====== Data supplied
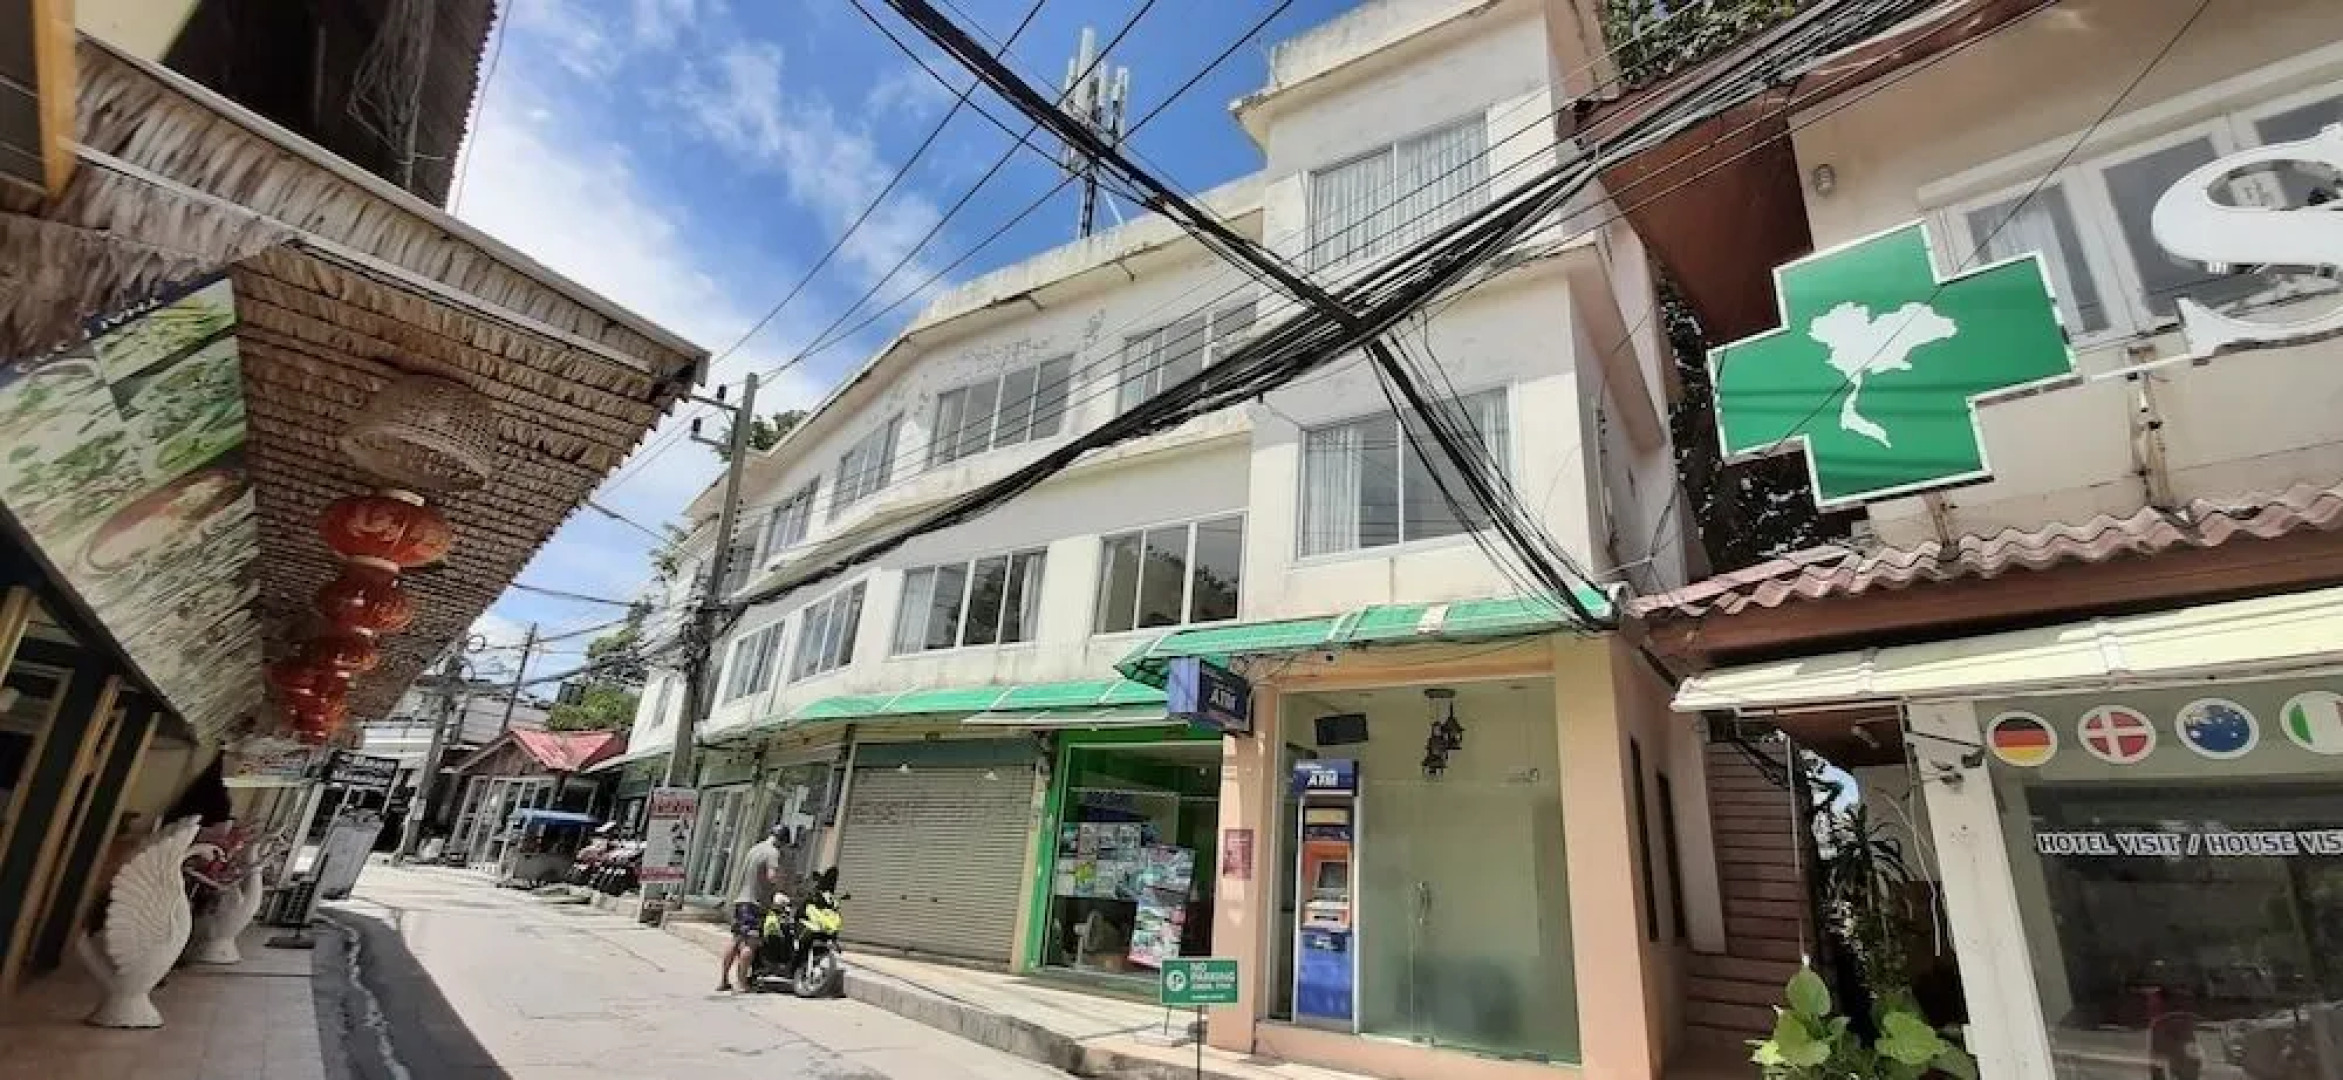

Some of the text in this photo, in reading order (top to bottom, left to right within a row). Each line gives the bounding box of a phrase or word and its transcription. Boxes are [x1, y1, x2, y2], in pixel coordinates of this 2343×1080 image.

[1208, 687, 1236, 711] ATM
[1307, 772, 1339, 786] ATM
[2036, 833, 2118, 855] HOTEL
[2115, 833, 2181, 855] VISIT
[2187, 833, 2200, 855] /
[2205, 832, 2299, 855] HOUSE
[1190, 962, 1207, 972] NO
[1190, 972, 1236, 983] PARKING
============
**Task requirements**
Copy the records shown above in their entirety and exactly; images are to be left out.

**Your solution**
Some of the text in this photo, in reading order (top to bottom, left to right within a row). Each line gives the bounding box of a phrase or word and its transcription. Boxes are [x1, y1, x2, y2], in pixel coordinates of this 2343×1080 image.

[1208, 687, 1236, 711] ATM
[1307, 772, 1339, 786] ATM
[2036, 833, 2118, 855] HOTEL
[2115, 833, 2181, 855] VISIT
[2187, 833, 2200, 855] /
[2205, 832, 2299, 855] HOUSE
[1190, 962, 1207, 972] NO
[1190, 972, 1236, 983] PARKING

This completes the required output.